Genetic determinants of zinc status: a cross-population validation of a polygenic risk score and its association with cardiometabolic biomarkers.

Abstract

Genetic variations, particularly single-nucleotide polymorphisms (SNPs), significantly influence individual nutrient metabolism and susceptibility to chronic diseases. Polygenic risk scores (PRS) offer a powerful tool to evaluate this genetic predisposition by aggregating the cumulative effects of multiple SNPs. However, the portability and predictive accuracy of PRS often vary across genetically diverse populations, which is a critical challenge for their clinical implementation. Zinc (Zn) is an essential trace element for several biological functions.
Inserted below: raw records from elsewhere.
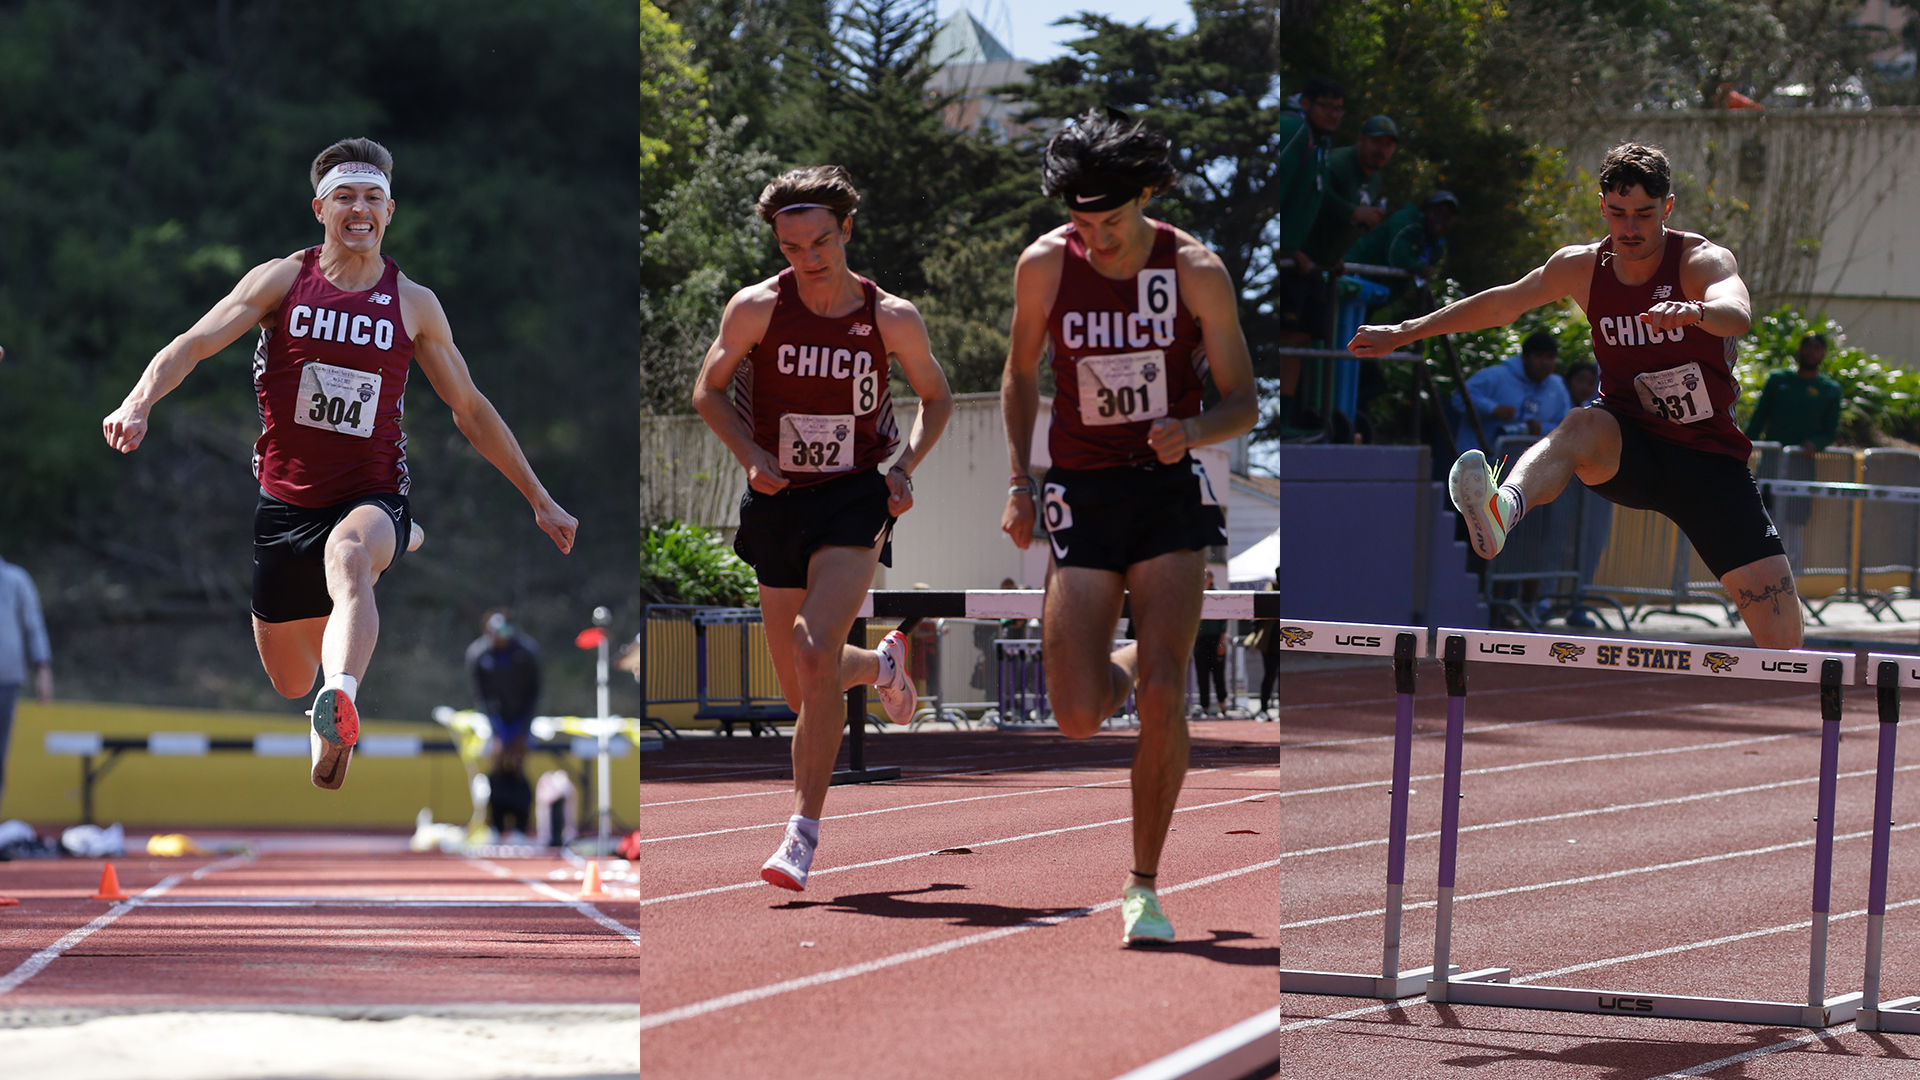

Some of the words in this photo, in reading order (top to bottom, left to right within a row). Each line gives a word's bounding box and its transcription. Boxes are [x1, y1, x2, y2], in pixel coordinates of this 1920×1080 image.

[1147, 274, 1169, 314] 6
[288, 303, 395, 352] CHICO
[1062, 311, 1176, 349] CHICO
[776, 342, 873, 380] CHICO
[859, 376, 875, 412] 8
[1097, 384, 1149, 418] 301
[1652, 391, 1697, 420] 331
[309, 393, 362, 429] 304
[792, 440, 841, 467] 332
[1335, 634, 1382, 648] UCS
[1479, 642, 1526, 656] UCS
[1597, 645, 1623, 666] SF
[1627, 647, 1692, 671] STATE
[1761, 660, 1808, 674] UCS
[1598, 996, 1654, 1012] UCS
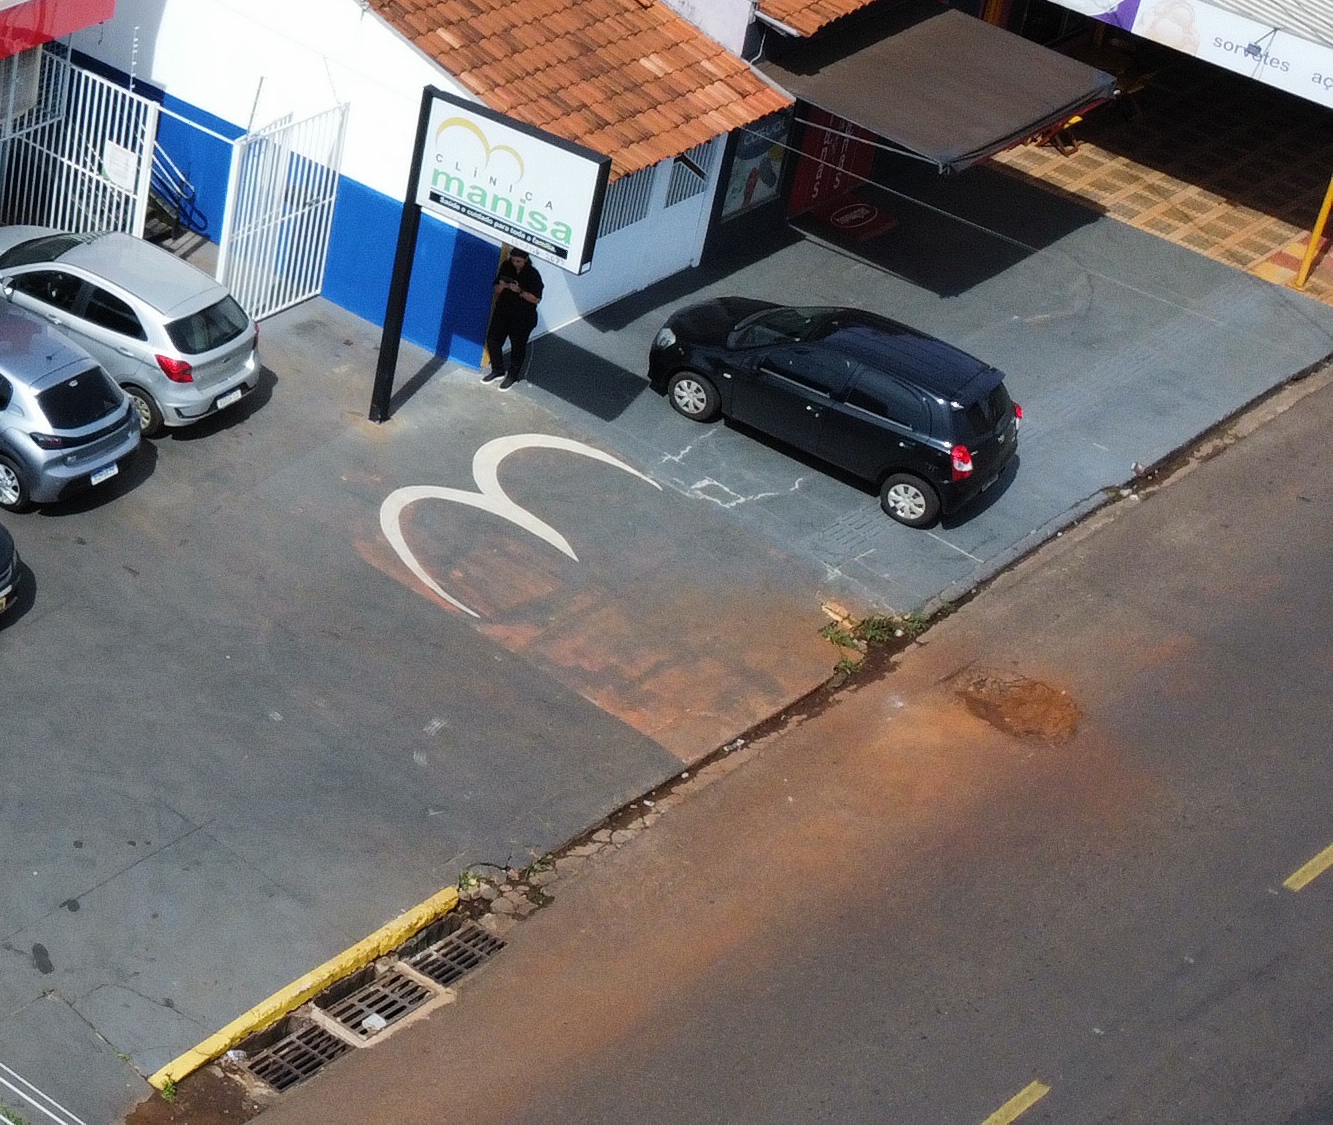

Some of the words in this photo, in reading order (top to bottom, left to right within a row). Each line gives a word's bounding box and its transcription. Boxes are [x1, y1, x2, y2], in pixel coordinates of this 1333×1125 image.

While individual SNPs in Zn metabolism genes have been linked to metabolic traits, a specific PRS for Zn status has not been widely developed or validated across ancestries. The aim of this research project is to validate a novel PRS for Zn status (PRS-Zn) developed in a Brazilian population (2015 ISA-Nutrition Study) in a European population cohort (OBENUTIC) and to evaluate its association with biomarkers of cardiometabolic risk. A cross-ethnic, dual-cohort design will be used to validate the PRS-Zn (15 selected SNPs involved in Zn metabolism). Sociodemographic, lifestyle, anthropometric measures, biochemical markers, dietary intake, and genetic data will be analyzed. Statistical analyses will include multiple linear regression and binary logistic regression used to assess associations. Receiver Operating Characteristic (ROC) curve analysis will further assess the predictive capacity of the PRS-Zn for these outcomes. All models will be rigorously adjusted for key confounding variables. The findings hold significant potential for advancing precision nutrition by informing personalized dietary strategies, ultimately contributing to the prevention and management of metabolic diseases.